The measure, tucked into a larger omnibus bill, now awaits Gov. Mike DeWine’s signature. The funds represent quality incentive payments operators earned but never received because the state’s Medicaid rate calculation didn’t match what Ohio law required.
A formula that cost providers nearly a billion dollars
Ohio’s nursing facility operators argued in court that the state never rebased the Medicaid rate for inflation and never properly accounted for patient complexity. The Ohio Supreme Court agreed last September, ruling that the formula shorted nursing homes $527 million in the 2024-25 budget alone — and that fixing the calculation could cost the state another $285 million a year going forward.
The new payout combines $310 million in state dollars with $565 million from the federal government.
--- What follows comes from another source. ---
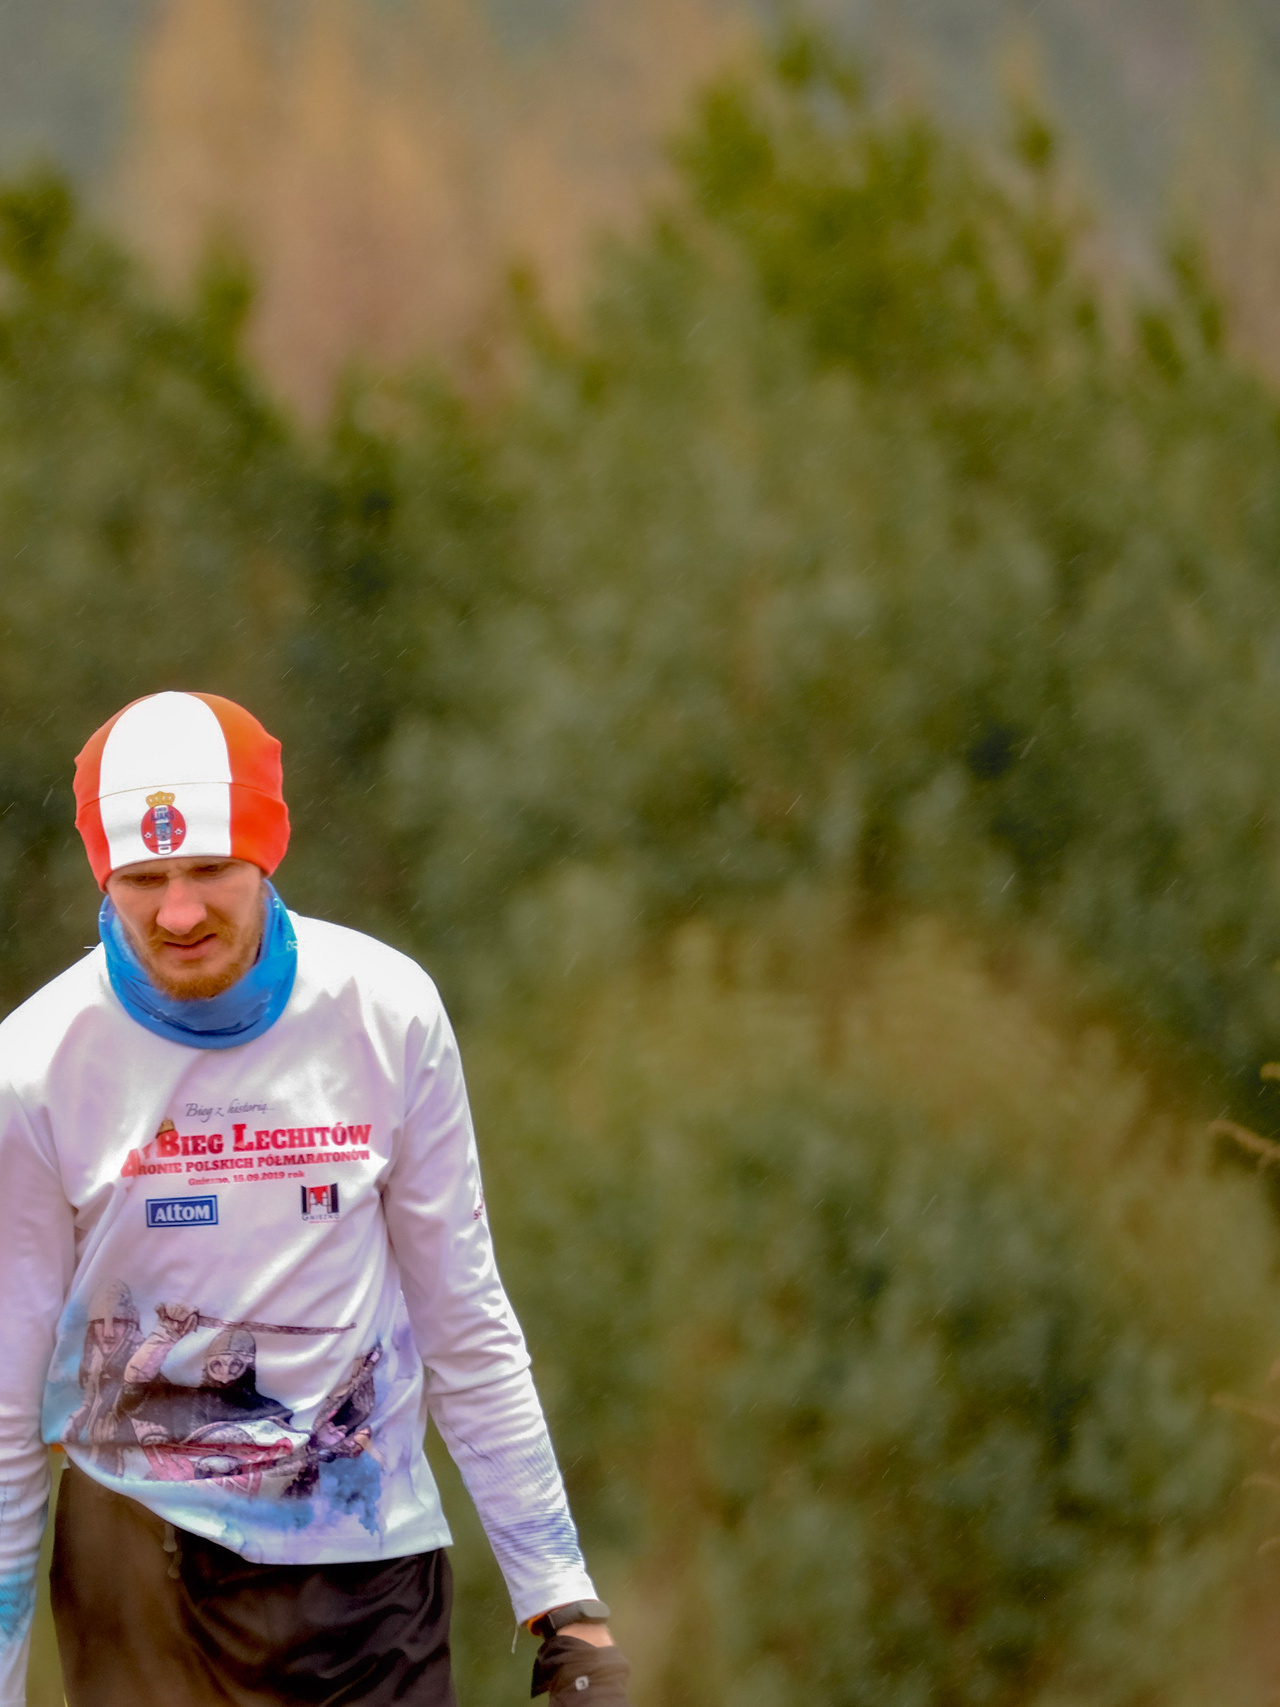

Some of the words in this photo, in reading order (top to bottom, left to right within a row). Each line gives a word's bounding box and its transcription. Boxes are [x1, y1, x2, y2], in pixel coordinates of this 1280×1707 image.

“Ohio’s nursing facility providers have continued to deliver high-quality care to some of our state’s most vulnerable residents while waiting nearly a year for $875 million in earned incentive payments,” said Scott Wiley, CEO of the Ohio Health Care Association, in remarks shared with industry sources.
Wiley said operators have absorbed real financial strain during the wait, delaying investments and stretching resources to keep care quality steady. Releasing the funds, he argued, will give providers the stability to reinvest in workforce and facilities.
The waiver clause changes the math
The catch is the legal release. Any operator that accepts the funds gives up future claims tied to the disputed formula — a meaningful concession given how aggressively providers fought the state in court. For facilities running on thin margins, the choice is blunt: take the money now and close the legal door, or hold out and risk getting nothing.
Susan Wallace, president and CEO of LeadingAge Ohio, said the legislature’s move reaffirms the 2025 state Supreme Court decision that found Ohio liable for past underpayments. She called the payments long overdue and said her group is looking ahead to working with the Department of Medicaid on prompt distribution.
The Ohio fight echoes a broader pattern of state Medicaid disputes squeezing skilled nursing operators, similar to the financial pressures facing operators in other states that have rolled back managed Medicaid experiments after costs spiked.
Whether DeWine signs quickly will decide how fast the money actually moves. Providers have been waiting nearly a year — they don’t appear willing to wait much longer.